Dogs (Working Breeds)
Heritage Breed Requirement
To qualify to be listed as a Heritage Breed on our website, an animal must meet a few specific requirements.
1. They must be able to breed naturally. They cannot require artificial insemmination for survival of the breed. Example: We will not list Broad Breasted turkeys, because with very few exceptions, when they grow according to the breed standard, they do not breed naturally.
2. They must be able to successfully parent their own young. If artificial means of feeding or tending the young are required by the breed to allow the survival of the next generation, they may not be listed here. Example: We could not list Owl Pigeons because their beaks are too short to successfully feed their young.
3. They must be able to survive without medical intervention, through their lifespan. This does not mean every animal WILL, only that if a breed, as a whole, requires medical intervention to survive (difficult birthing, severe parasite problems, specific disease succeptibility), they may not be listed. Example: We do not list LaMancha goats, because of extremely high rates of birthing difficulties due to the smaller head and normal sized body. Many double muscled breeds of animals have similar problems.
4. They must have a utility purpose. That purpose may be meat, eggs, milk, wool, feathers, guarding, insect control, brooding, parenting as a foster, weed control, alarm service, etc. Heritage breeds were created for farms, and to be listed here, they must have a practical use. Example: We do not list non-working dog breeds, because they are strictly pets.
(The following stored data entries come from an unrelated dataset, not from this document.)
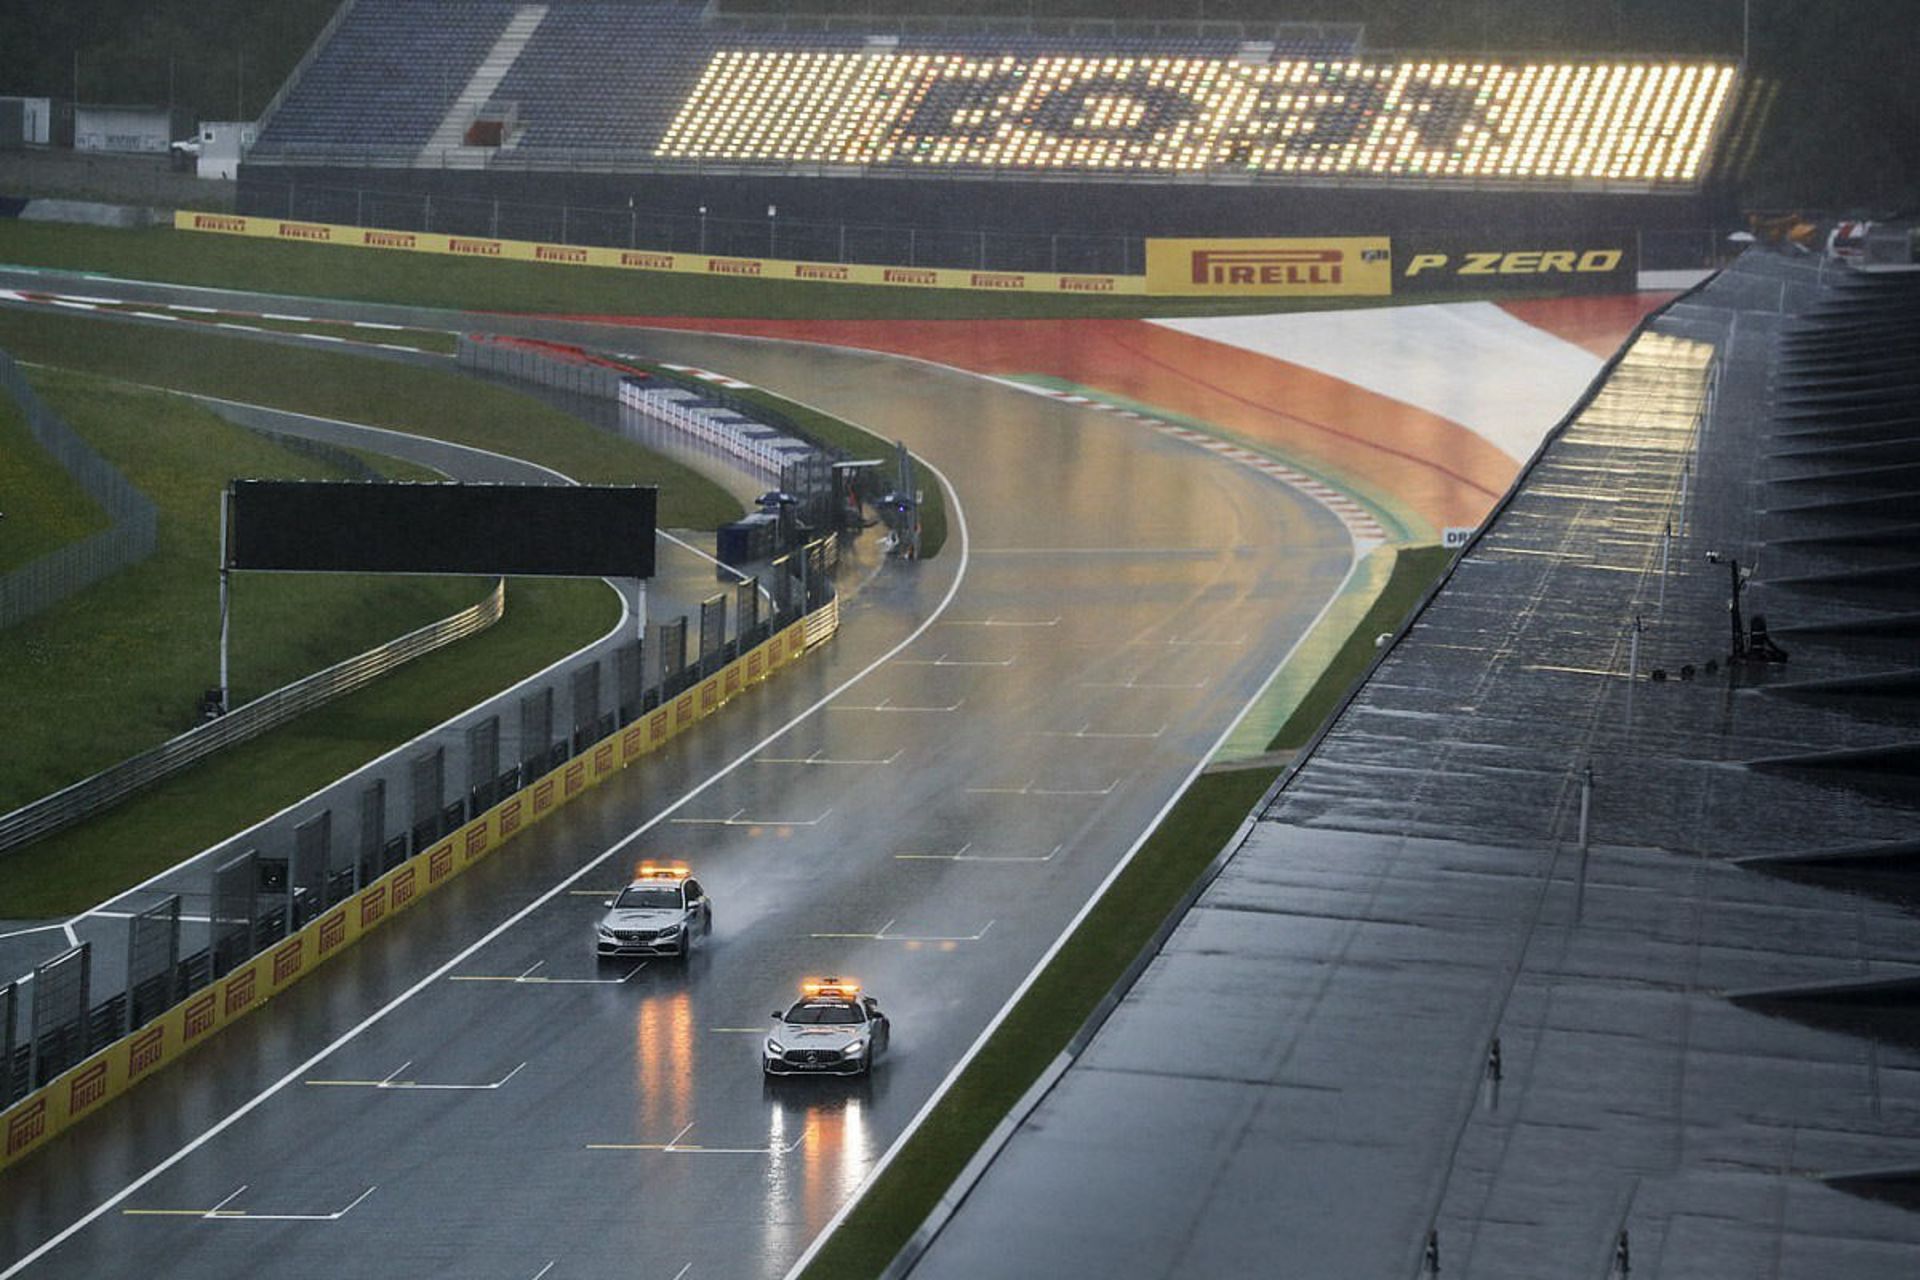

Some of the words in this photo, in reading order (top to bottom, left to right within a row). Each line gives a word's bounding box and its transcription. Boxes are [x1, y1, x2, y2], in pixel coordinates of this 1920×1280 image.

[1192, 250, 1343, 284] PIRELLI
[1405, 254, 1449, 276] P
[1458, 250, 1623, 273] ZERO
[319, 911, 346, 954] PIRELLI
[274, 939, 302, 985] PIRELLI
[225, 968, 256, 1016] PIRELLI
[184, 994, 216, 1041] PIRELLI
[129, 1026, 164, 1078] PIRELLI
[70, 1060, 107, 1115] PIRELLI
[8, 1098, 46, 1156] PIRELLI
We do make an exception with some breeds that have a high potential to produce a lucrative revenue stream for small farms through sale of breeding stock, young animals, hatching eggs, etc.
5. They will have some kind of historic importance in the US, or we believe they currently have a high value to small farms.
6. They MAY be uncommon livestock species, including wild species, exotic species, or feral species, IF those species were historically important to the US, OR if those species are valuable choices for small farms or homesteads, particularly those that are pursuing either self-sufficiency, or income streams from their livestock.
7. They must be PRACTICALLY OBTAINABLE. Many critically endangered livestock breeds are not available to the general public, they are either so rare that it is impossible to find them, or those who do have them keep them within proprietary breeding programs in an effort to restabilize the breed before releasing them to the general public. If this is known to be the case, we do not list them, because they are not viable options for the small farm, no matter how well they might suit if they were available.
We do require that they meet all criteria listed above, unless there is a compelling reason to make an exception.
If you feel that we have listed animals that should not be listed, or failed to list one that SHOULD be listed, please use our Contact form to let us know.
NOTE: The American Livestock Conservancy defines heritage breeds differently than we do. They require that a breed be at risk, or that it has been at risk at one time, to define it as Heritage, and we do not. The term "Heritage" does not imply any risk of loss, but rather that it is a historically significant breed that was used in times past, and thus our description varies from theirs. Similarly, our purpose is different than theirs. They seek to preserve all threatened breeds. We seek to preserve breeds that are valuable to small farms, and make them available to those in need of their specific traits.